For the Love of Film

Kevin Fermini ’17

From the December 2015 Issue

At the all-too-young age of thirteen, I was confronted with the image of a young man in a bowler hat staring straight into my eyes with a knife pointed in my direction and a smirk gracing his lips. Below, the words: A Clockwork Orange. What was this image I was gazing into? I felt my pulse rise the deeper I looked into it. Some digging around online led me to the film. When all was said and done, I felt sick to my stomach.

Next came guilt. I felt as if I had seen something nobody was meant to see. I worried my parents would find out, and I didn’t want to know what they would do. Then came anger. How could somebody make a movie like this? What sort of warped people would let a movie like this exist? Who could possibly enjoy something so hurtful?

Then came intrigue. The images I had seen played over and over in my head like a nightmare I was trying to decode. Two days later, I stayed up late. With my ear pressed to the floor, I listened, waiting for my dad to go to bed. I tiptoed to my door and locked it with the utmost grace. With an electric, nervous energy, I watched the movie again. A couple days later, I watched it again. As the images burned themselves into my brain, a singular thought echoed through my mind: I didn’t know movies could be like this.

For my birthday that year, I asked my mom for a DVD box set of Stanley Kubrick films. Tucked inside was the film that had forever changed my view on cinema. Movies were not just for fun anymore. They were the most challenging, brilliant and beautiful art form I could imagine. The possibilities that film offered stretched larger than any canvas, and if I had any doubts about this theory, I only needed to dig farther into my box set: 2001: A Space Odyssey, Dr. Strangelove, The Shining, Full Metal Jacket, Lolita. Time and space, light and dark, sound and color, arranged and manipulated in a way that inspired feelings from the deepest corners of my being. And I needed more.

Next came Hitchcock, Herzog, Kurosawa and Scorsese. Jodorowsky, Chaplin, Bergman and Lynch. Leone, Welles, the list is endless. I dug into each oeuvre as if I had found the fountain of knowledge. Everything I needed to know was right here; I just had to find it. It’s been eight years since I first dove in, and I’m still looking.

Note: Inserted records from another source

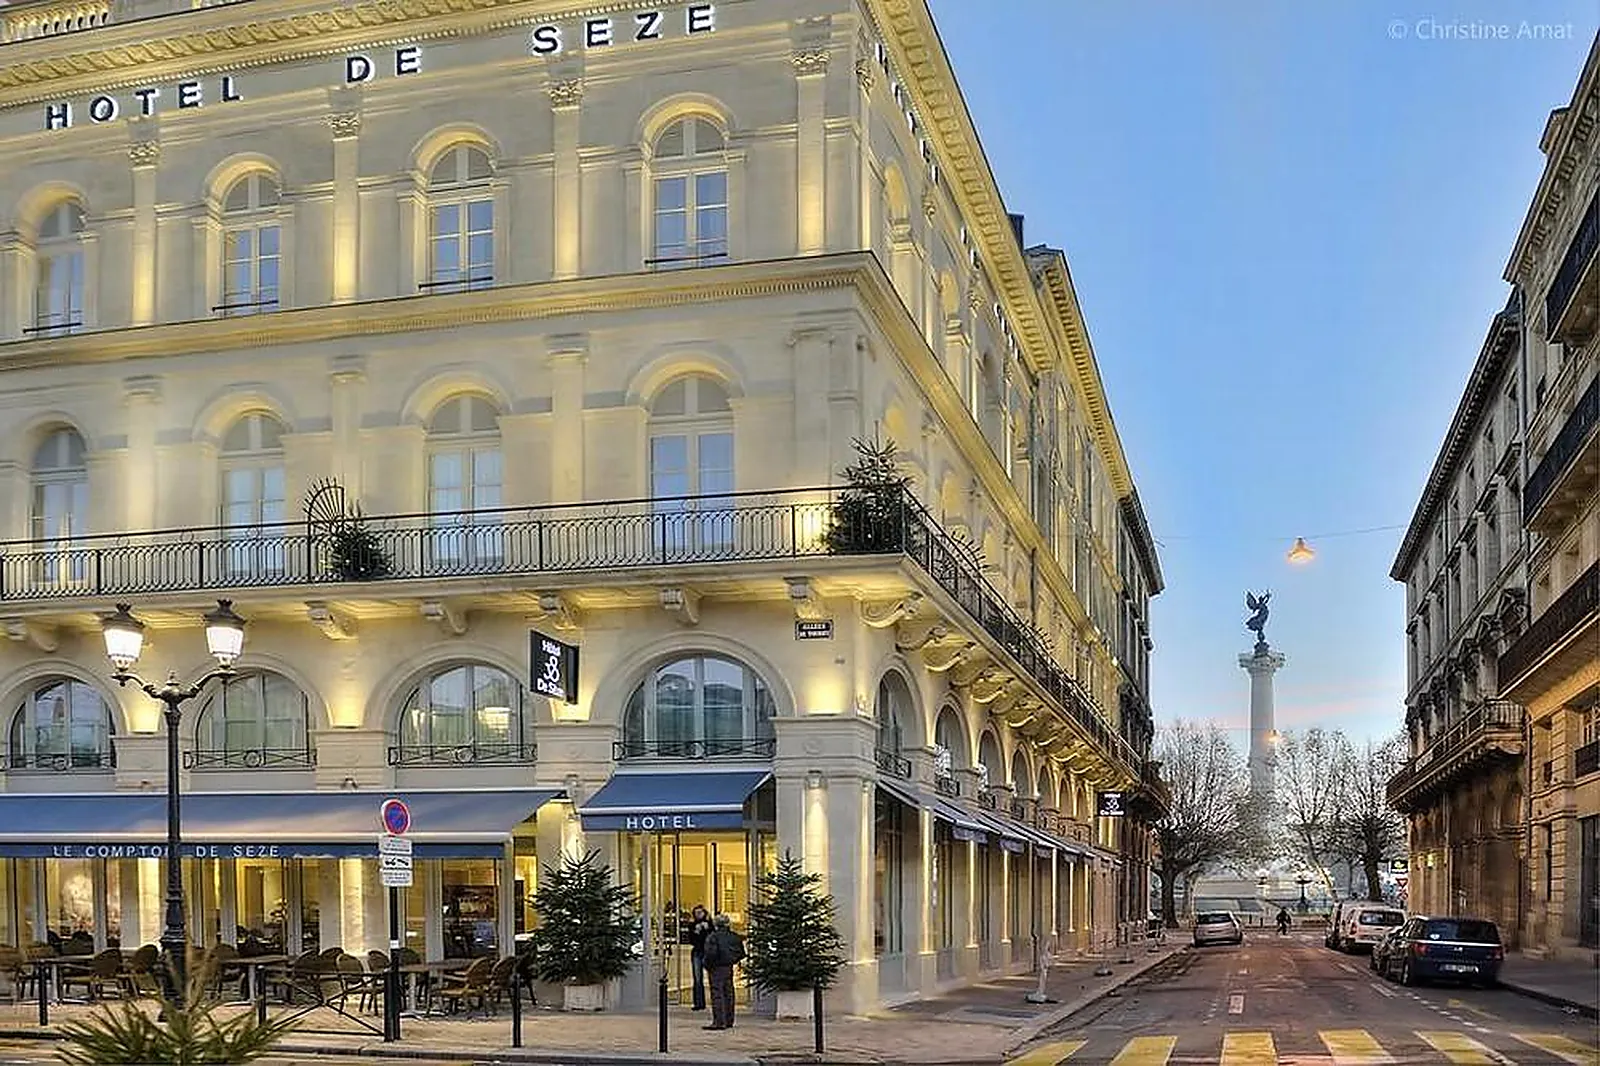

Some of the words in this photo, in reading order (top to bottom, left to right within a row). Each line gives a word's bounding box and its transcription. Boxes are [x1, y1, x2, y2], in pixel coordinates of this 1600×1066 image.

[46, 76, 243, 131] HOTEL
[345, 47, 422, 85] DE
[531, 3, 715, 57] SEZE
[626, 815, 696, 830] HOTEL
[53, 845, 72, 858] LE
[196, 845, 218, 858] DE
[233, 845, 279, 858] SEZE
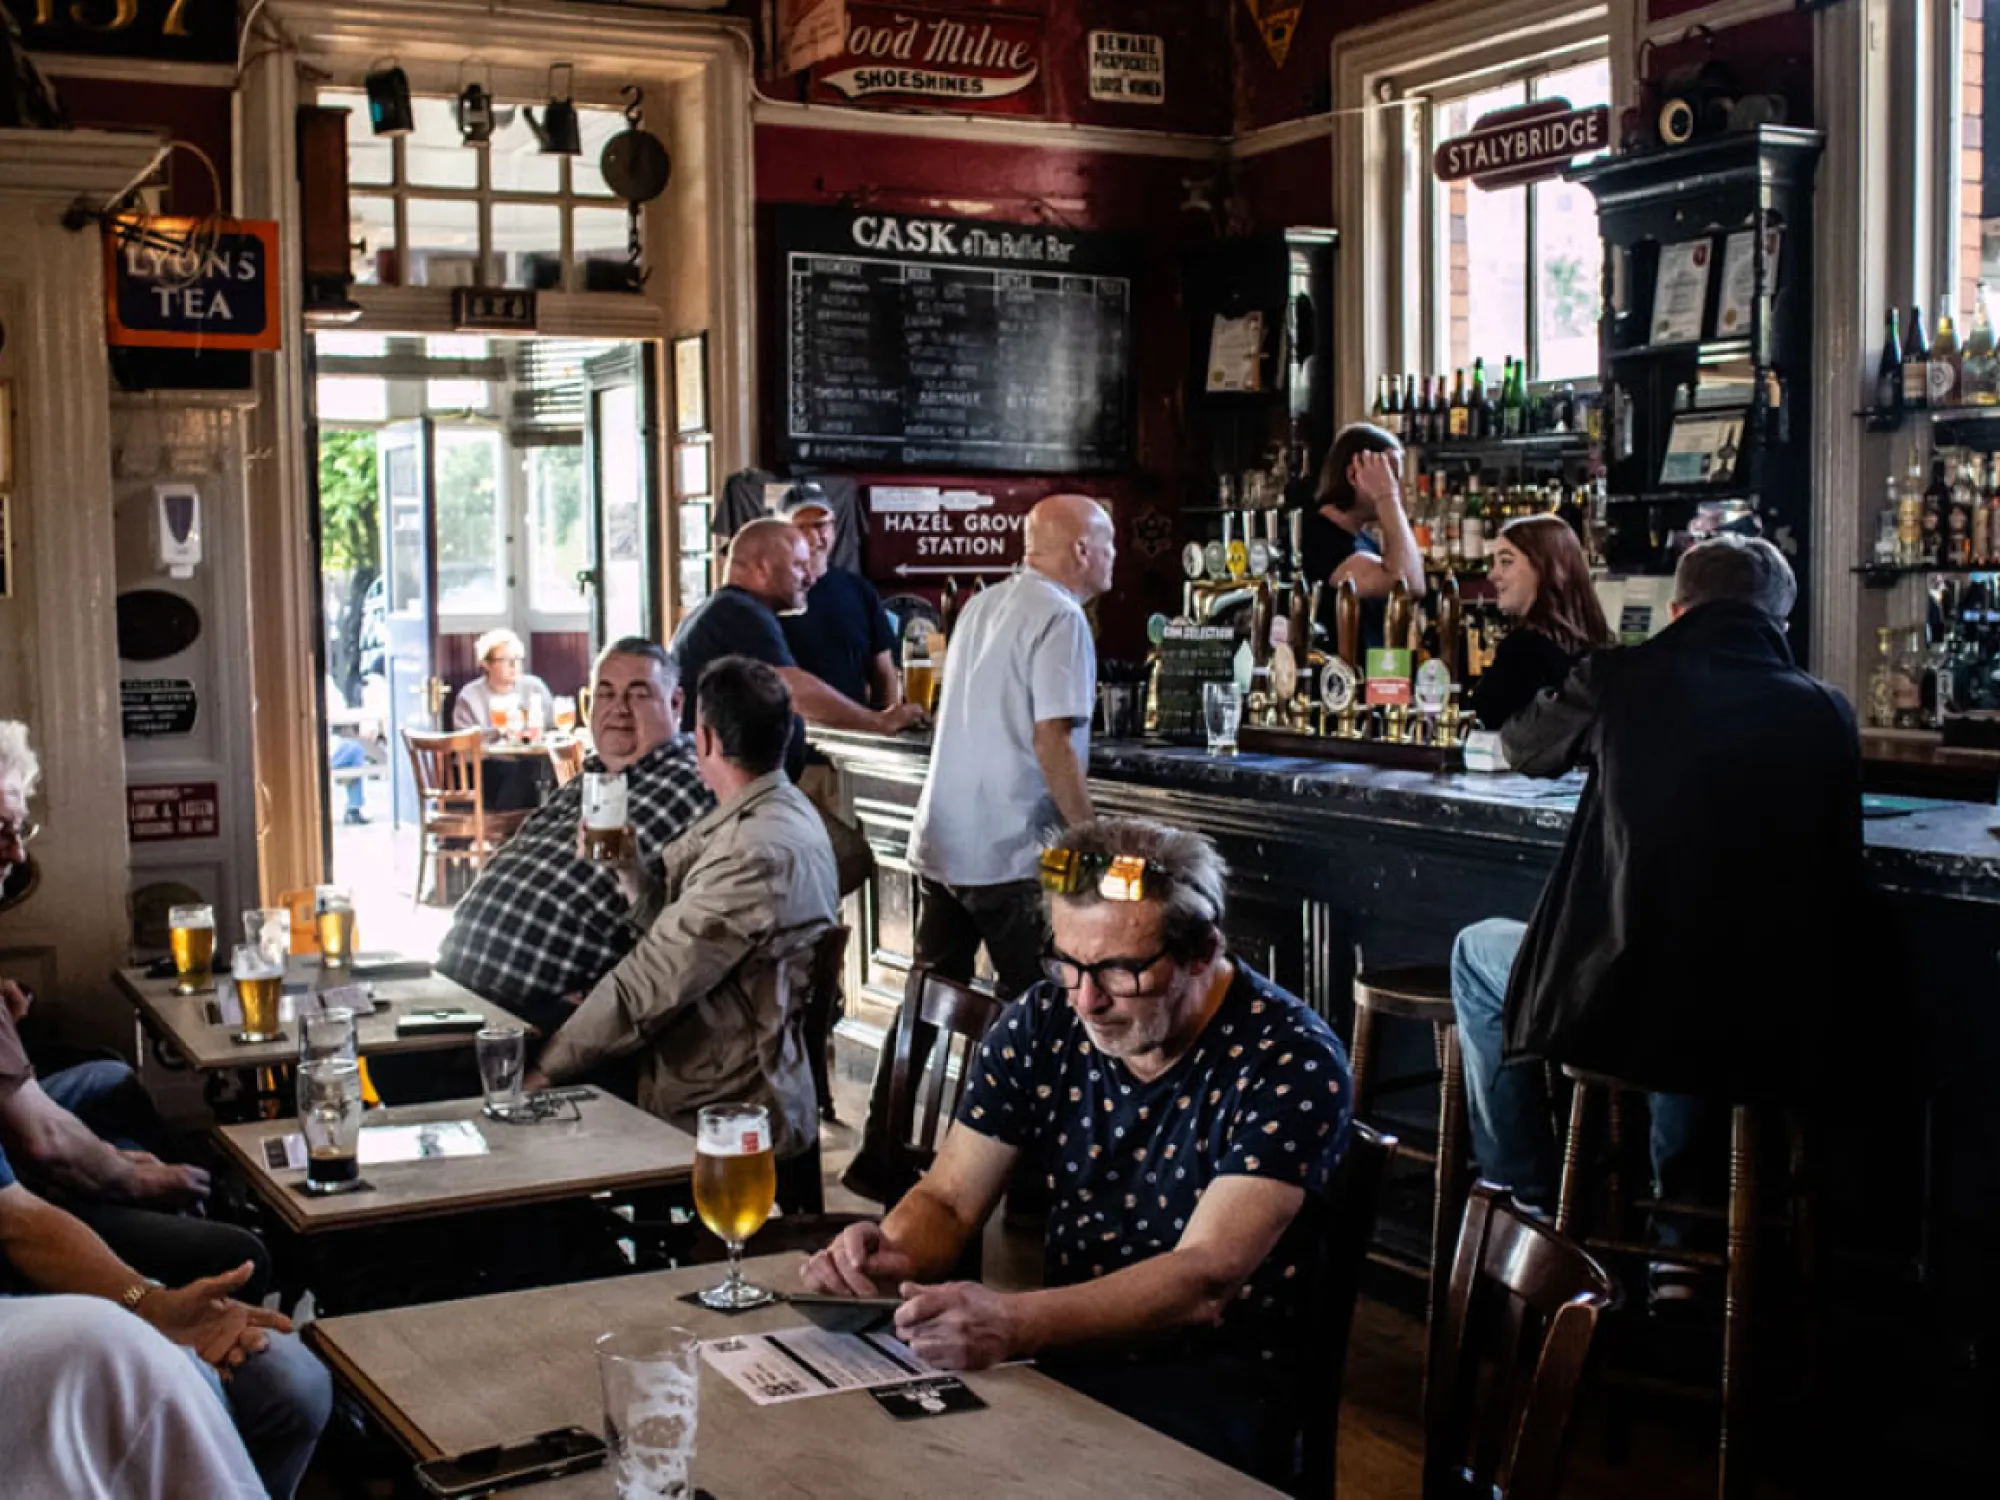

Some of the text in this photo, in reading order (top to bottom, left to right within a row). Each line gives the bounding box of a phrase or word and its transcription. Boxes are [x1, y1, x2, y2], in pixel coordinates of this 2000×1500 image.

[846, 14, 918, 60] ood
[923, 17, 1032, 69] Milne
[853, 69, 984, 94] SHOESHINES
[1449, 110, 1598, 174] STALYBRIDGE
[851, 216, 959, 254] CASK
[1046, 235, 1075, 262] Bar
[126, 247, 256, 281] LYONS
[151, 286, 234, 321] TEA
[884, 513, 1028, 533] HAZEL GROV
[917, 536, 1006, 555] STATION

To me, film is simply the ultimate medium. It shapes me in ways no other kind of art can, and while its history is already vast, its future is an open book. With just over a hundred years under its belt, film stands as one of the youngest art forms being studied today, and its true cultural and artistic impact have yet to be fully realized. Involving myself in the film community has meant involving myself in one of the great artistic movements of our time, and I cannot wait to see where the wave carries us. I eagerly await the next moment of revelation, watching the lights go up in a theater or ejecting a DVD, sitting up, taking a deep breath and thinking: I didn’t know movies could be like this. And I know it will happen… again and again.